La política que caducó y la generación que ya no pide permiso
Por Ing. Héctor Castro Gallegos
La juventud sonorense ya no está en espera. No espera al próximo sexenio, ni al siguiente discurso hueco, ni al político que “promete ahora sí”.
Esperar es un lujo que esta generación no se puede permitir. Mientras la vieja clase política sigue atrapada en el siglo pasado —repitiendo fórmulas agotadas, simulando proyectos y administrando inercias— los jóvenes ya entendieron algo brutal: el sistema no está roto, está diseñado para excluirlos.
En Sonora, los jóvenes no están apáticos; están hartos. Hartos de partidos que funcionan como agencias de colocaciones. Hartos de candidatos que no saben qué es una política pública, pero dominan el arte del eslogan vacío.
Hartos de gobiernos que hablan de desarrollo sin entender el territorio, la ciencia ni el futuro. Esta generación ya no se traga el cuento del “así ha sido siempre”. Para ellos, eso no es una explicación: es una confesión de fracaso.
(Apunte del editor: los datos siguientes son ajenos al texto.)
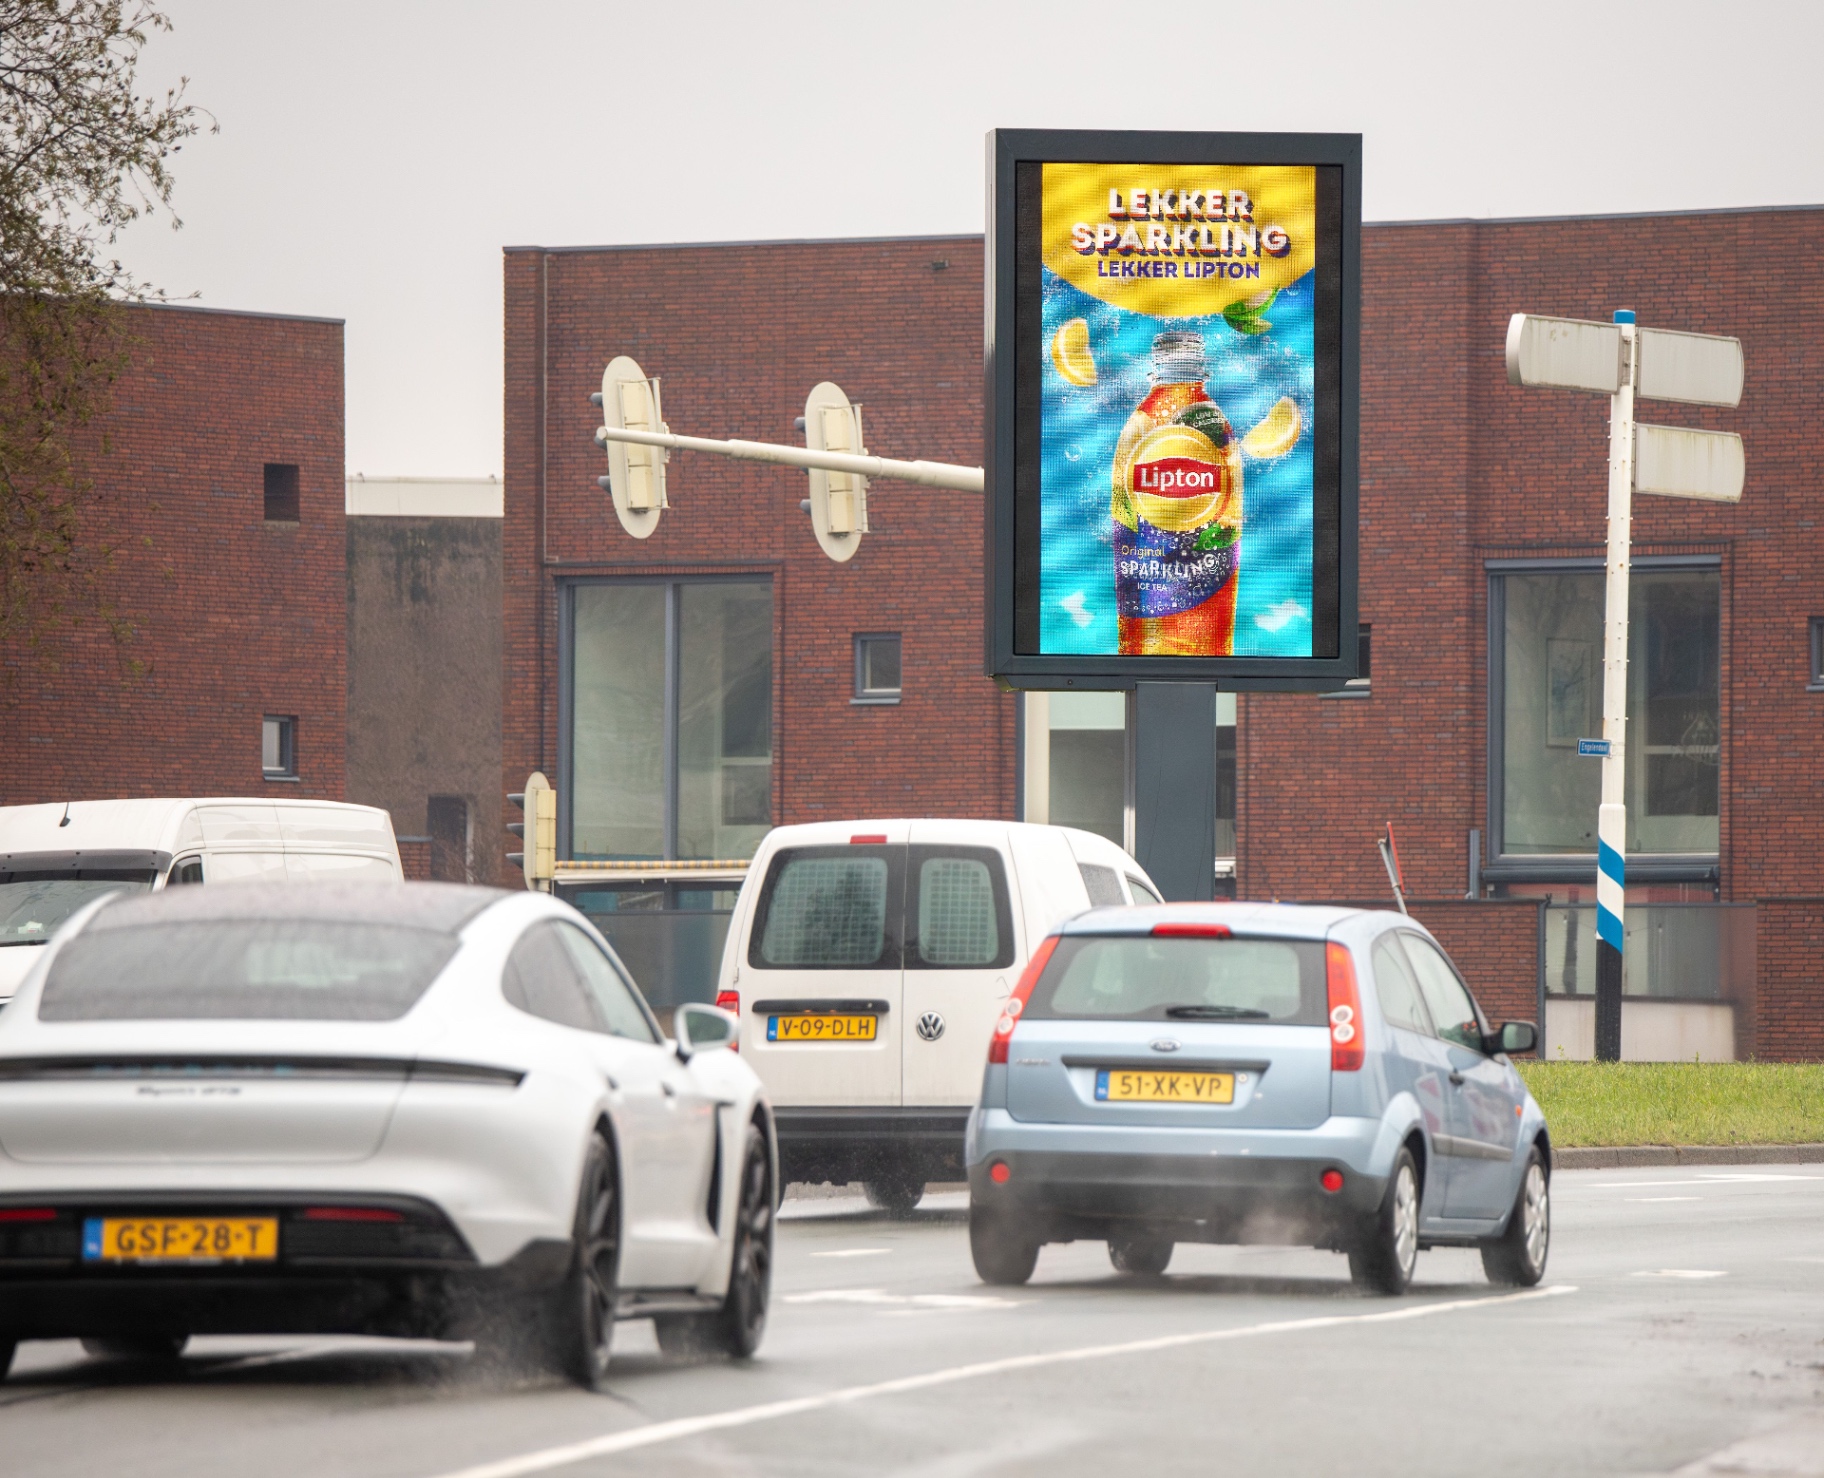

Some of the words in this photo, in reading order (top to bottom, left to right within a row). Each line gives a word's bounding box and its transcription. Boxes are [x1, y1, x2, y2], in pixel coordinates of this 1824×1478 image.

[1109, 188, 1253, 222] LEKKER
[1071, 222, 1291, 258] SPARKLING
[1098, 260, 1178, 278] LEKKER
[1184, 261, 1260, 279] LIPTON
[1140, 467, 1214, 492] Lipton
[1121, 545, 1165, 559] Original
[1120, 553, 1216, 578] SPARKLING
[1137, 582, 1150, 590] ICE
[783, 1019, 870, 1036] V-09-DLH
[1120, 1075, 1221, 1097] 51-XK-VP
[116, 1223, 263, 1253] GSF-28-T
Su forma de pensar es directa, incómoda y sin nostalgia. No idealizan el pasado, porque no les pertenece. Piensan en clave de datos, impacto, sostenibilidad y resultados.
Quieren educación que sirva para transformar la realidad, no para memorizar discursos oficiales. Quieren ciencia aplicada a los problemas reales del desierto, del agua, de la energía, del empleo. Quieren política con métricas, no con aplausos.
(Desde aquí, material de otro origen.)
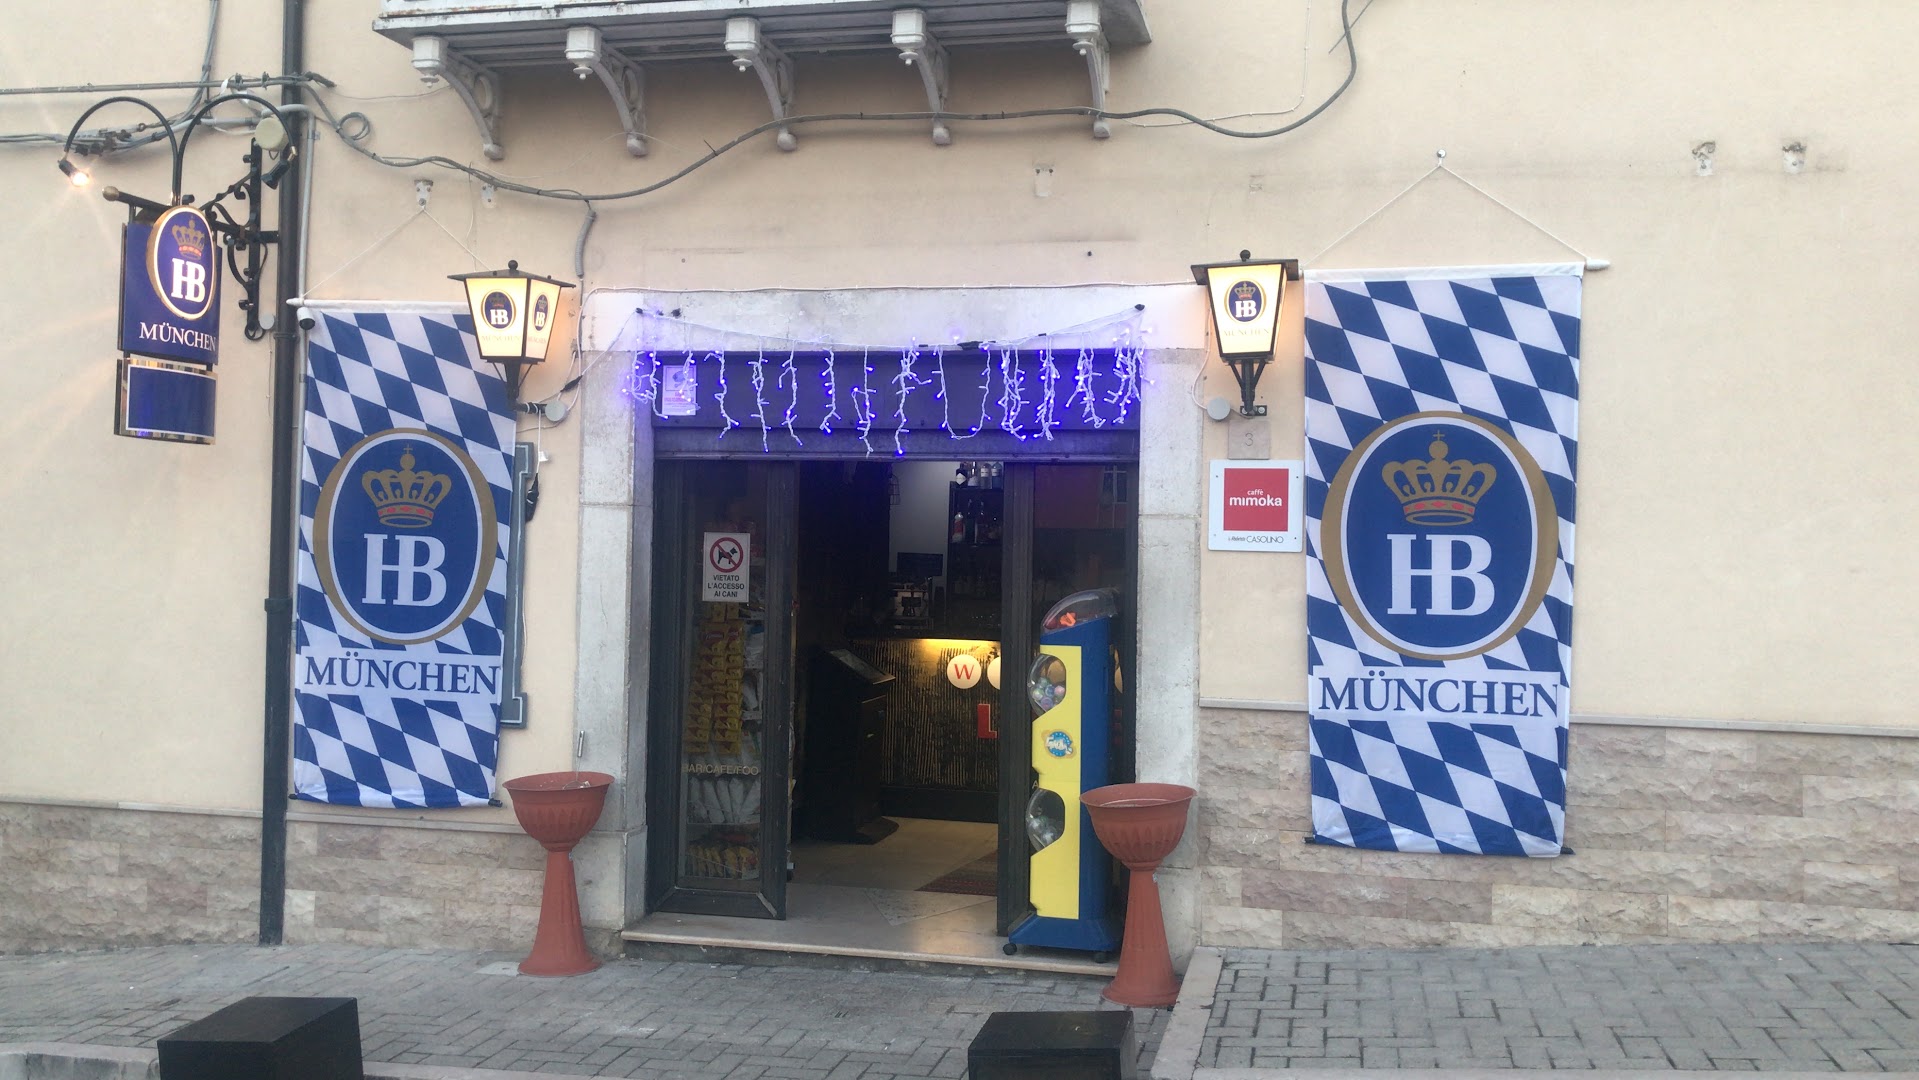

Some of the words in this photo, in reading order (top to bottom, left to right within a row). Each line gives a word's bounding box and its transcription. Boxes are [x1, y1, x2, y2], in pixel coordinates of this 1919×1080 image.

[171, 258, 206, 302] HB
[490, 309, 508, 324] HB
[1235, 300, 1257, 317] HB
[139, 322, 217, 351] MÜNCHEN
[1245, 433, 1254, 446] 3
[1229, 494, 1282, 507] mimoka
[362, 533, 447, 606] HB
[1387, 533, 1495, 616] HB
[304, 651, 499, 694] MÜNCHEN
[1318, 670, 1558, 717] MÜNCHEN
Transparencia radical, no discursos maquillados. Mientras los gobiernos improvisan, los jóvenes programan. Mientras los políticos prometen, ellos prototipan. Están creando soluciones tecnológicas, proyectos ambientales, redes de comunicación y modelos comunitarios sin esperar autorización del poder.
Y eso es lo que más incomoda: no piden permiso, no buscan padrinos, no se alinean. Por eso el sistema intenta ignorarlos o ridiculizarlos. Pero el ruido ya es demasiado fuerte.
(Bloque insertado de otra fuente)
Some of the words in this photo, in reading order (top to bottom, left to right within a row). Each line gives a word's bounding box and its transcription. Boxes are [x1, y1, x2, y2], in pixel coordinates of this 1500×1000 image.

Esta no es una rebelión romántica, es una ruptura racional. Los jóvenes no quieren “tomar el poder” como se hacía antes; quieren redefinirlo. Entendieron que la política no puede seguir siendo un club cerrado ni un negocio familiar. Si la política no se actualiza, será reemplazada.
Así de simple. El mensaje es claro y peligroso para muchos: si no hay representación real, habrá disrupción. Si no hay futuro, lo van a inventar. Sonora está entrando en una etapa donde la juventud dejó de ser espectadora y se convirtió en sistema operativo.
Y esta vez, no hay botón de apagado.